Drums were actually Tamwoy’s first instrument, and he credits the hours spent chatting in his school‘s music room to the style of percussive guitar he later developed.

But that all changed when he finally got an instrument he could take home. While helping an uncle clean out a shed, he spotted a battered guitar destined for the landfill.

“I begged him to have it, so he cleaned it up with a few baby wipes and it sounded pretty good; at least for me! Tamwoy said.

He still remembers his grandmother being annoyed when he brought home the guitar as “payment” for helping his uncle, instead of the papaya she was expecting.

But the instrument was a gift that kept on giving. By the time Tamwoy was in 9th grade – now in Brisbane and with an improved ax – he had progressed learning by ear the riffs he heard on the keeper’s radio, and had copied a cousin by flipping the guitar over in his lap. .

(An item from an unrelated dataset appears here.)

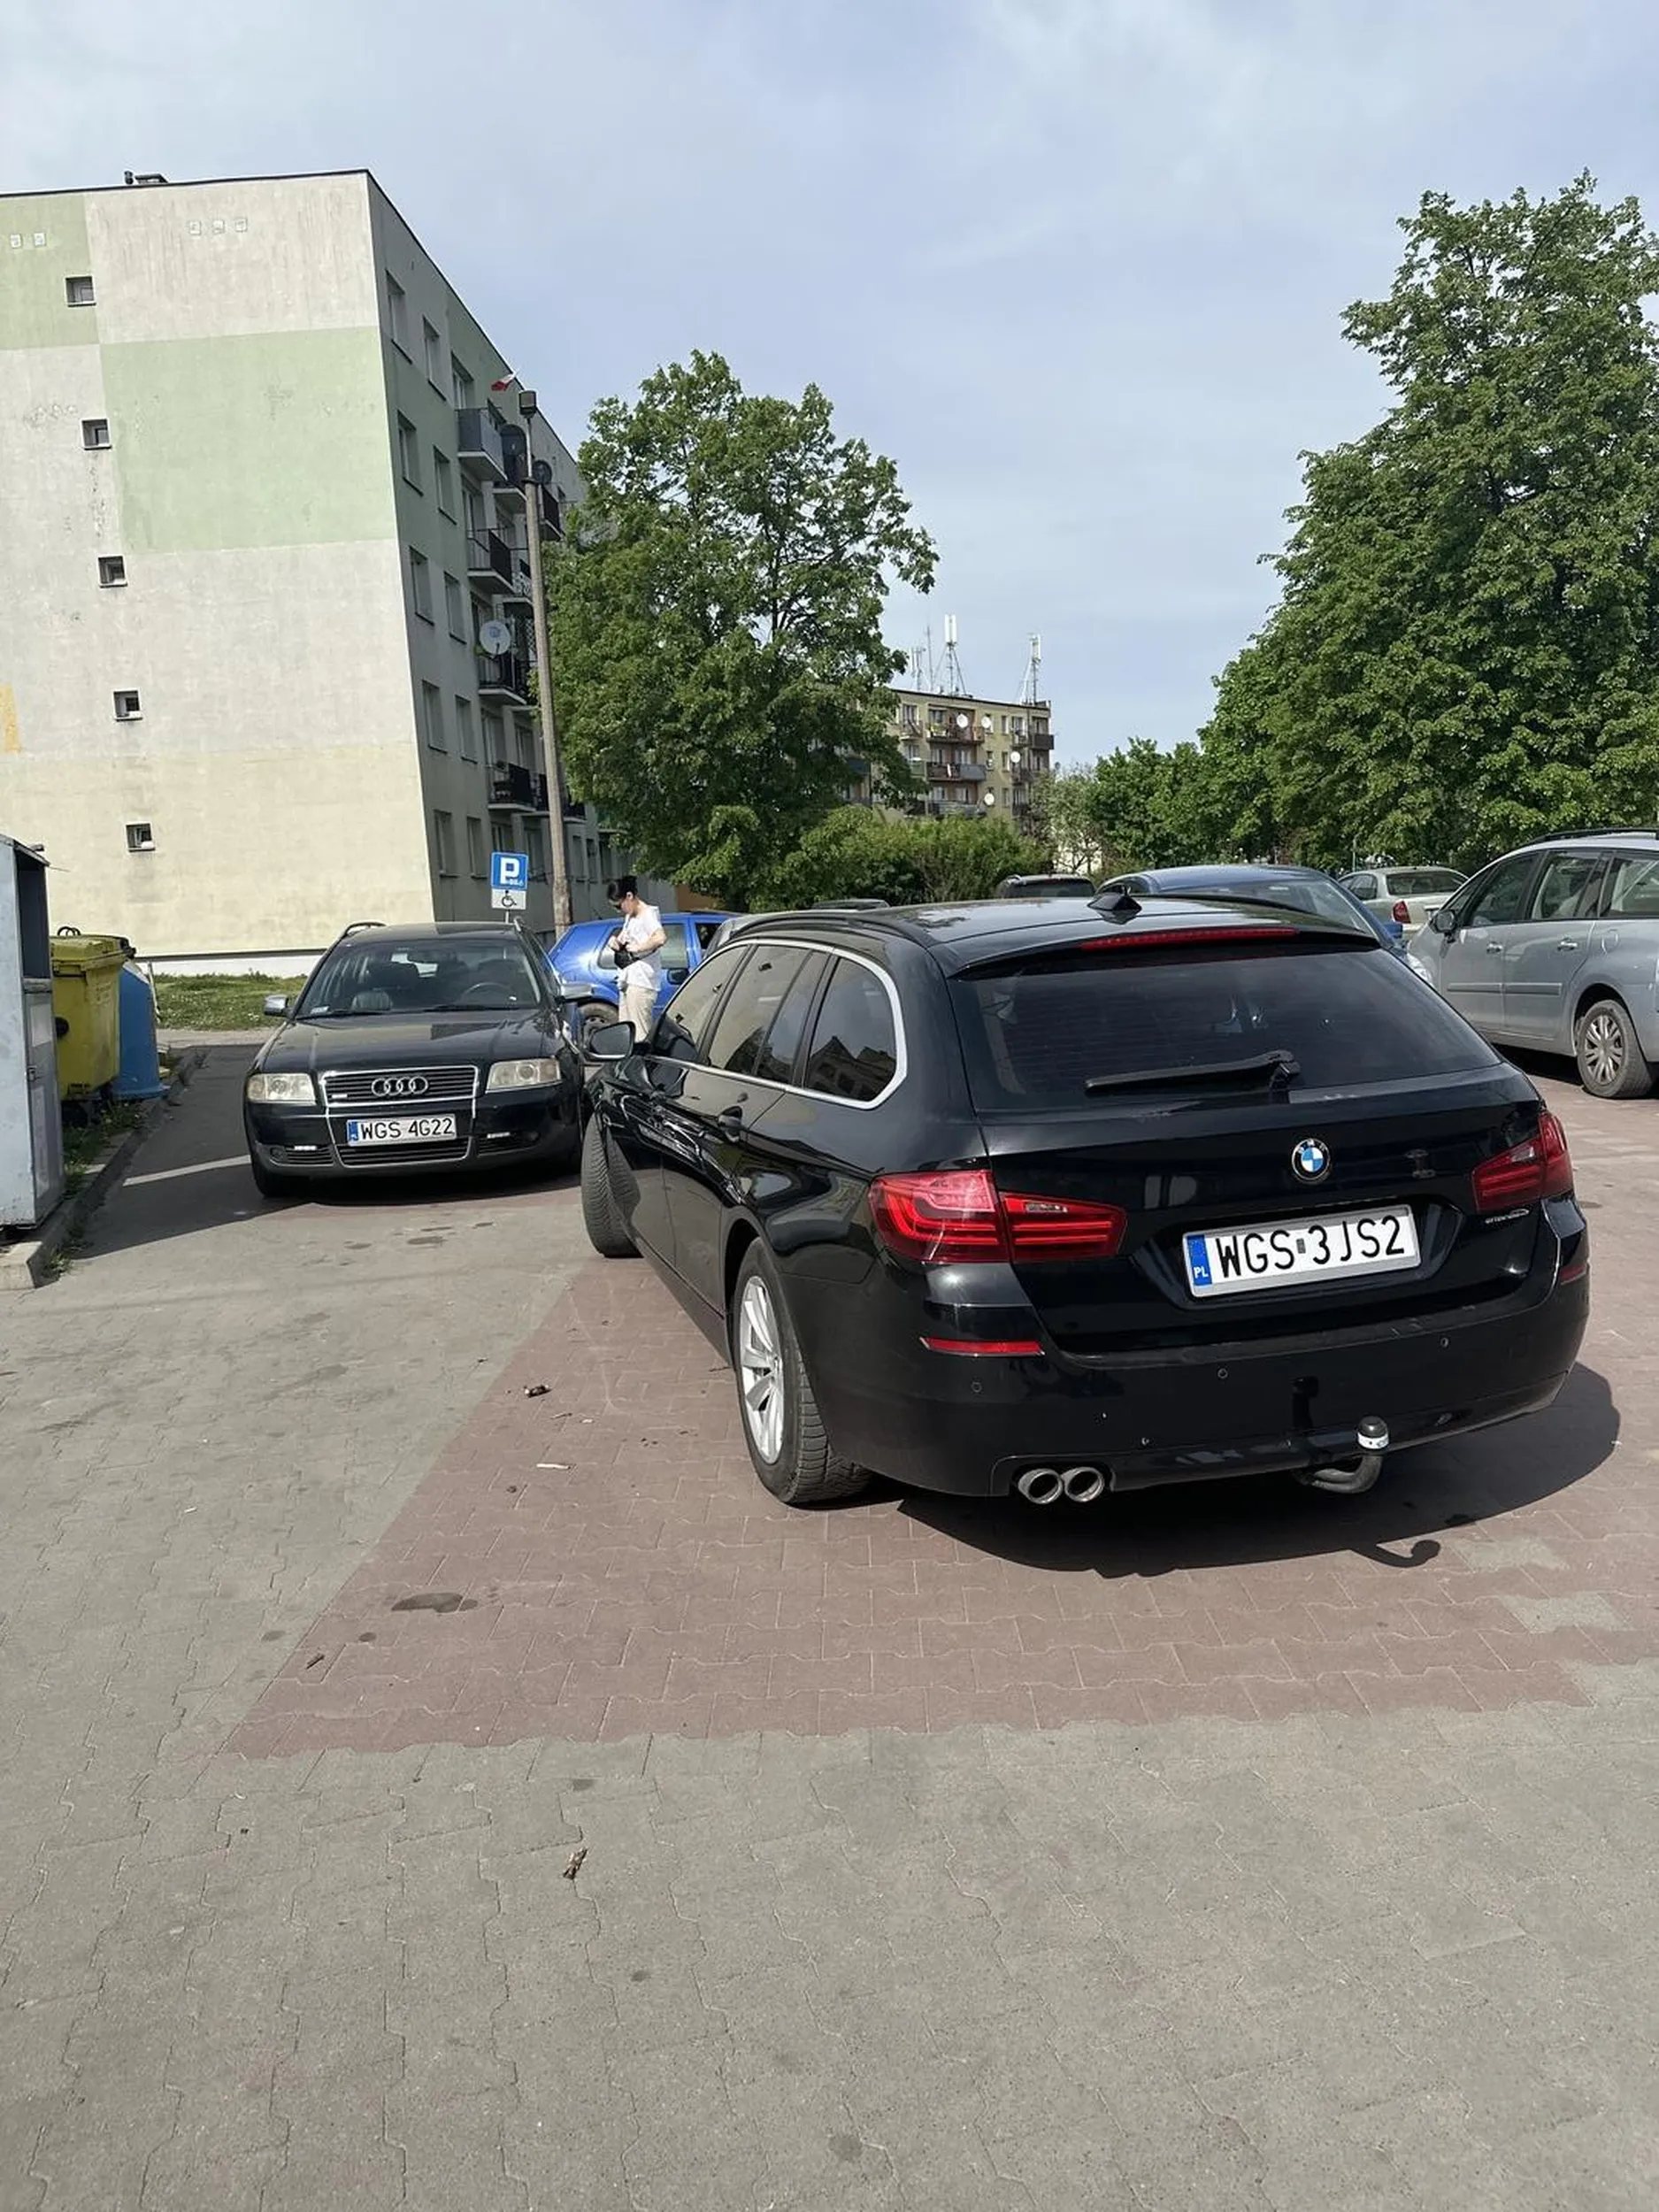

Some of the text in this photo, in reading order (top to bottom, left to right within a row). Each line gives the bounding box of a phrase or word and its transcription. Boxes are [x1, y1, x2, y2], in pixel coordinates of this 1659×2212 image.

Chris Tamwoy at his home in Torres Strait.

“I knew it was harder to play that way, but my experience as a drummer helped me keep a steady pace, and I got hooked,†he says.

“I was literally typing ‘guitar stuff’ on YouTube and getting all these ideas, and in about a year teaching my cousin things. “

However, the road to glory was far from easy. Remaining with his extended family in Woodridge, a south-eastern suburb of Brisbane, Tamwoy was suspended from school at the end of the first term of grade 12.

“At the time, I was dealing with personal issues and difficult things in my community,†he explains.

However, he credits Beenleigh State High School principal Matt O’Hanlon with the music that became his career. Despite Tamwoy’s behavioral issues, soon after returning to school, O’Hanlon orchestrated an appearance for him on local ABC radio, and audience commentary sparked his passion for performing.

“Being on stage isn’t really about me, it’s about representing my culture and my identity as a Torres Strait Islander,†Tamwoy says.

“I’m really happy that I was able to sing in language on this album, so that the next generation can learn the songs and keep our culture alive.”

Chris Tamwoy’s The reality is is streaming now.